Davy was appointed to the Royal Institution in 1801 after working at Thomas Beddoes’s Pneumatic Institution in Bristol where he had discovered the physiological effects of nitrous oxide – laughing gas. At the Royal Institution, Davy had access to the best equipped laboratory in England and one of the best in Europe.
Following the invention of the electric battery by Alessandro Volta at the end of the eighteenth century, the Royal Institution soon acquired an array of very powerful batteries, initially used for experimental demonstrations in the lecture theatre. However, in the autumn of 1807 Davy started using them to decompose chemical compounds, thus starting the science of electro-chemistry, a term that he coined. On 19 October 1807 Davy produced potassium for the first time by passing a strong electric current through potash. The same month he also isolated, using the same method, sodium and boron and the following year magnesium, calcium, strontium and barium.
Two years later he turned his attention to muriatic acid which was assumed, by Lavoisier’s definition of acidity, to contain oxygen. However, Davy was unable to decompose this electro-chemically and concluded that it was therefore a chemical element which he named chlorine because of its green colour. He also tried using this method on fluoric acid, which had been known as a compound since the eighteenth century. He persisted with his attempts and may well have succeeded since he produced some temporary damage to his fingers and eyes. He did enough to convince himself that an element, which he called fluorine following the suggestion of the French savant André-Marie Ampère, did exist, but did not continue his researches.
However, Davy’s successor at the Royal Institution, Faraday did return to the pursuit following his work on electro-chemistry in the early 1830s where, amongst other things he introduced terms such as electrode, cathode and ion into science. Faraday thought in February 1834 that he had isolated fluorine, and indeed announced that he had done so and would publish further details later. When he came to continue work, he realised that he had not actually isolated fluorine and despite considerable effort during 1834 and 1835 was unable to do so – a negative result that he published when he collected his papers together in a single volume.

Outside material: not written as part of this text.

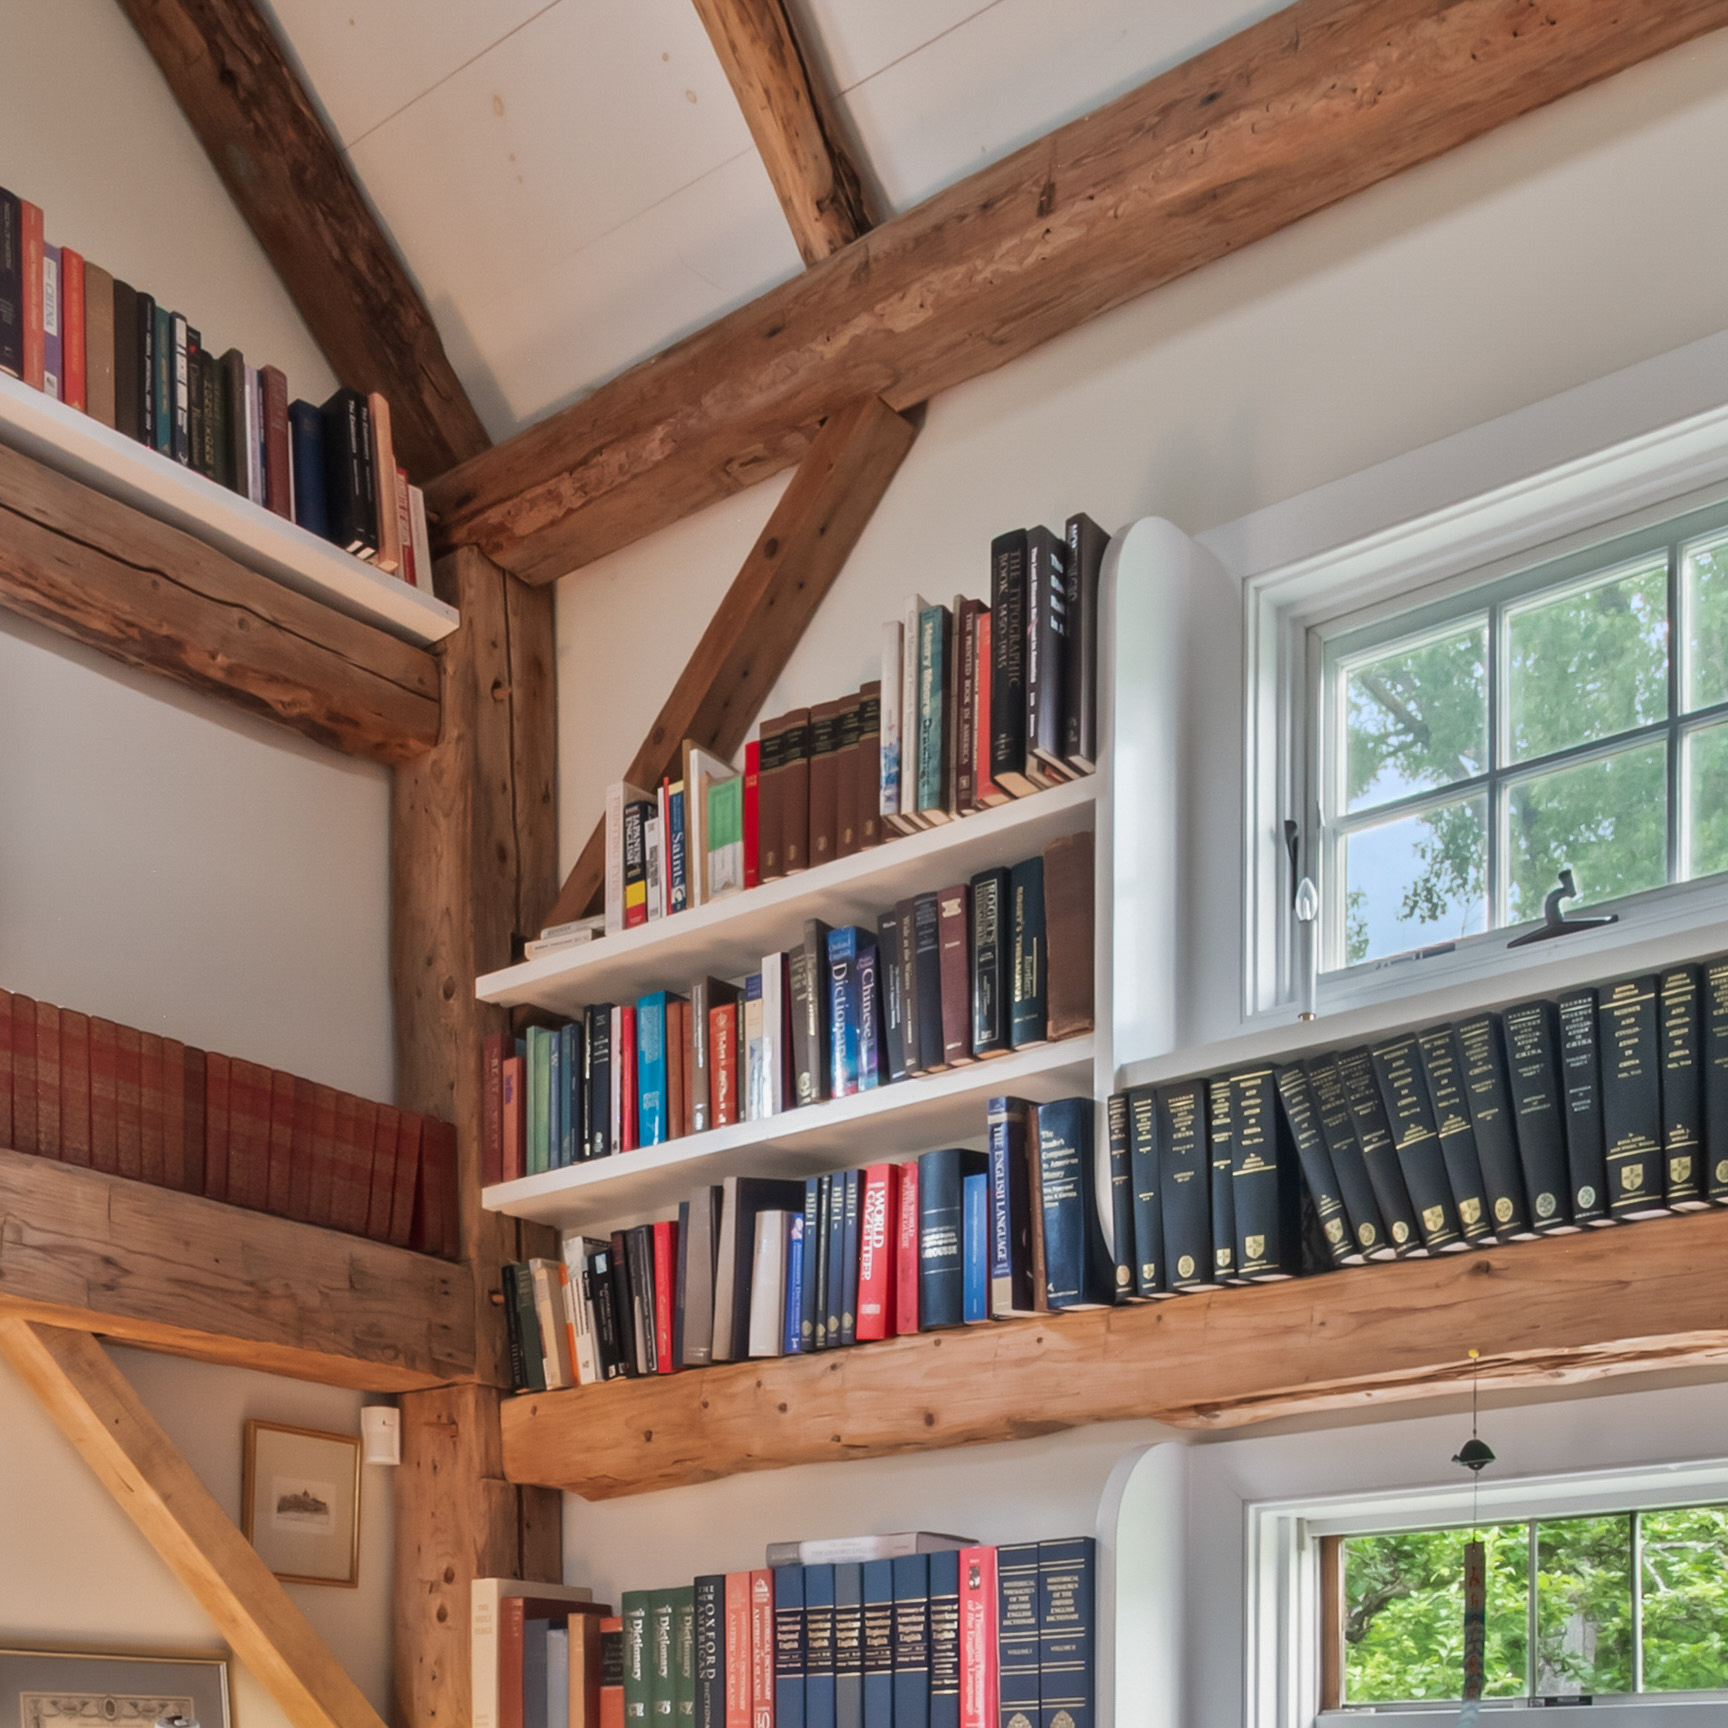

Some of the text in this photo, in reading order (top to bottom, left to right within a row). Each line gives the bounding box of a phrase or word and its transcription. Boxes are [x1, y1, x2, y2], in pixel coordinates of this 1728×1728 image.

The problem that neither Davy, nor Faraday, could overcome was to develop a container that would not react with fluorine. It was Henri Moissan’s idea, which he had towards the end of the nineteenth century, that the way to approach the problem was construct a container which was made of a material that already contained fluorine and would therefore not react with it. Using this insight Moissan was able to isolate fluorine and for this he won the Nobel Prize for Chemistry in 1906, just over a century after Davy had started his electro-chemical work.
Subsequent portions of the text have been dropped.